Permeability versus Cerebral Blood Volume Measurement in Brain Tumor Evaluation: Comparative Clinical Value and Advice to Authors

Michael H. Lev; Leonardo Vedolin

n this issue of the AJNR, 2 different methods of MR blood- brain barrier permeability evaluation—first-pass T2*-weighted susceptibility (fpT2*) and steady-state T1 (ssT1) weighted imaging—are compared to each other and to dynamic susceptibility relative cerebral blood volume (rCBV) maps, in both gliomas and meningiomas.1 With fpT2*, the first-pass susceptibility effect of a standard gadolinium bolus is tracked on a pixel-by-pixel basis, by using a cine echo-planar gradient-echo technique during the initial 45–60 seconds of circulation. With ssT1, a lower dose of gadolinium is tracked (typically about 10% standard) by using a conventional T1-weighted sequence for a longer time period (5–10 minutes). With both methods, mathematical models are constructed on the basis of assumptions regarding tracer kinetics, resulting in maps of “K^trans”—the transfer coefficient, proportional to the permeability surface area product—a measure of the degree of endothelial permeability. The reliability of these maps is largely dependent on how well the assumptions fit reality. Cha et al conclude that K^trans values derived from both methods are “more predictive of glioma grade” than is rCBV and that—for gliomas but not meningiomas—the K^trans values from both methods are highly correlated.

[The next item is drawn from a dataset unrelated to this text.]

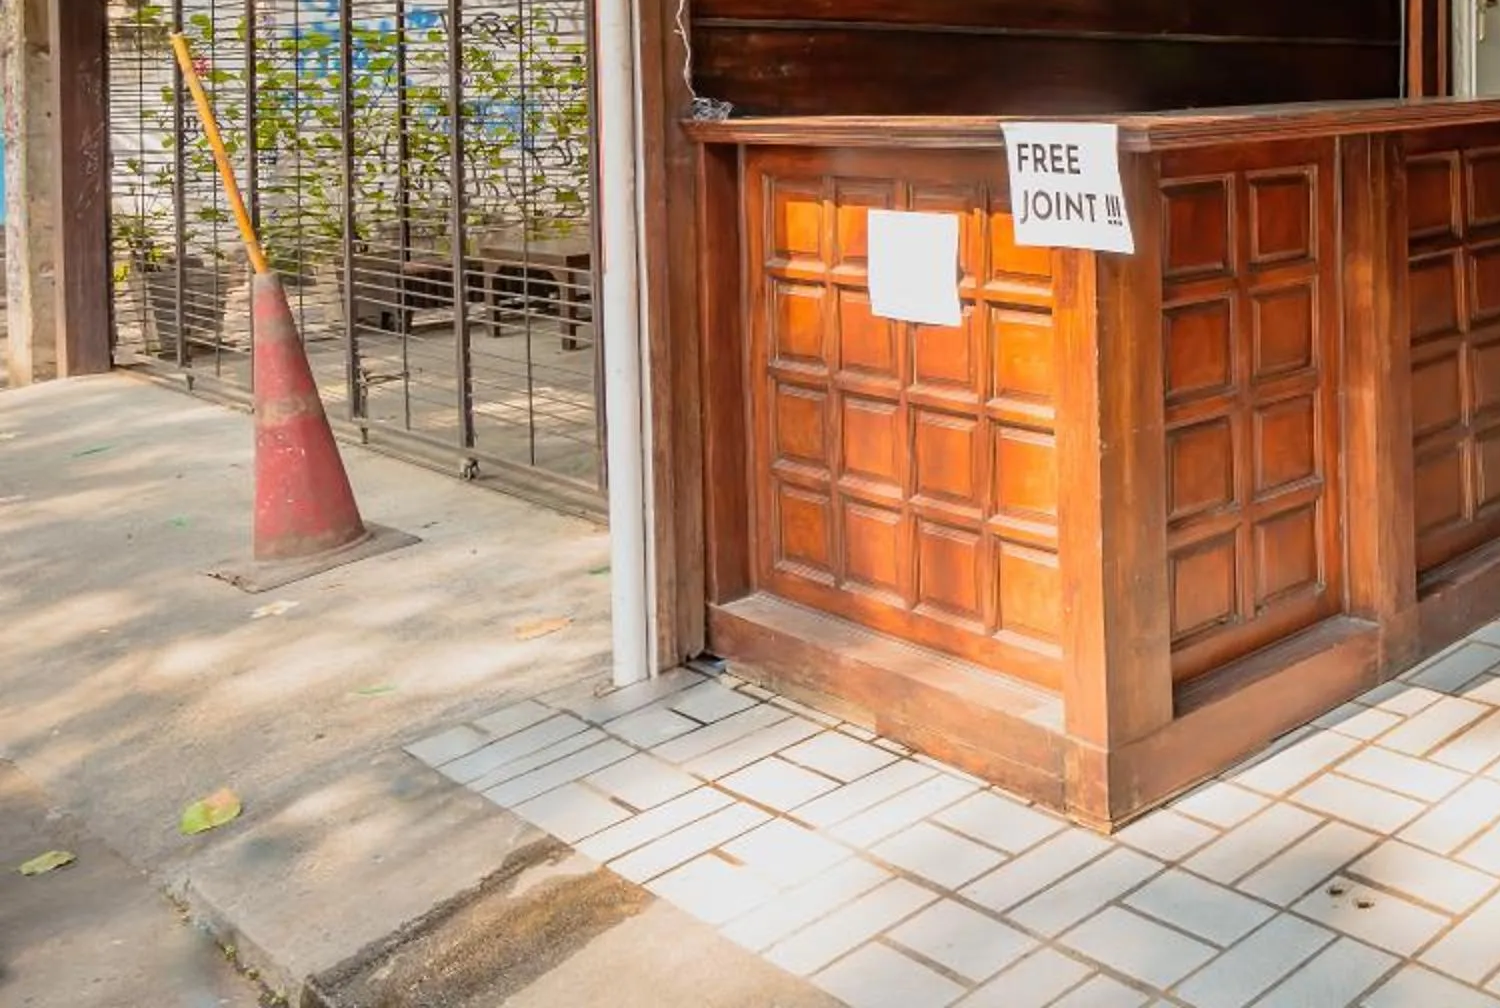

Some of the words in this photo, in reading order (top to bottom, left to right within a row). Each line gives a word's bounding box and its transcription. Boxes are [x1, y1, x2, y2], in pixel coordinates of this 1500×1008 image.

These conclusions are noteworthy in several respects. Perfusion imaging, which considers the time course of contrast enhancement, has indisputable advantage over the static “snapshot” provided by routine postcontrast MR imaging. Despite this, and the implication of the word “conventional” in the title of Cha et al’s manuscript, permeability imaging remains a research tool, used intermittently at a small number of centers. As such, the technical parameters of acquisition and postprocessing are not standardized, potentially limiting generalization of the study results. The devil is in the details—eg, is CBV mathematically corrected for leakiness, is an arterial input function measured or inferred? With permeability measurement, size matters: different tracers, including commercially available gadolinium chelates of varying molecular weight and charge, pass the blood-brain barrier differently, again limiting generalization, quantification, and comparison with prior studies. Indeed, nongadolinium tracers can be used to obtain MR permeability data. For example, magnetic iron oxide nanoparticles (MIONs) have recently been applied to noninvasively detect the autoimmune induced microvascular permeability changes of pancreatic islet cells that accompany the development of diabetes in mice.2

Moreover, the conclusion that the K^trans values derived from both methods are “more predictive of glioma grade” than is rCBV, although supported by the data (and of clear utility in drug trials), begs the question which of these techniques is the most clinically relevant. The answer is that it is the distinction between “low”-grade (WHO I/II) and “high”-grade (WHO III/IV) lesions that typically has the greatest impact on management and prognosis, rather than the distinction between anaplastic astrocytoma (WHO III) and glioblastoma multiforme (GBM; WHO IV). It is important to note that Cha et al’s Fig 5 and Table 2 clearly demonstrate that it is rCBV—and not ssT1 or fpT2*—that in this small cohort most accurately distinguishes WHO grade II from grade III tumors. One wonders whether the statistically significant difference in mean K^trans between anaplastic astrocytoma and GBM can simply be attributed to the necrosis that, by definition, is present in GBM but not in lower-grade malignancy.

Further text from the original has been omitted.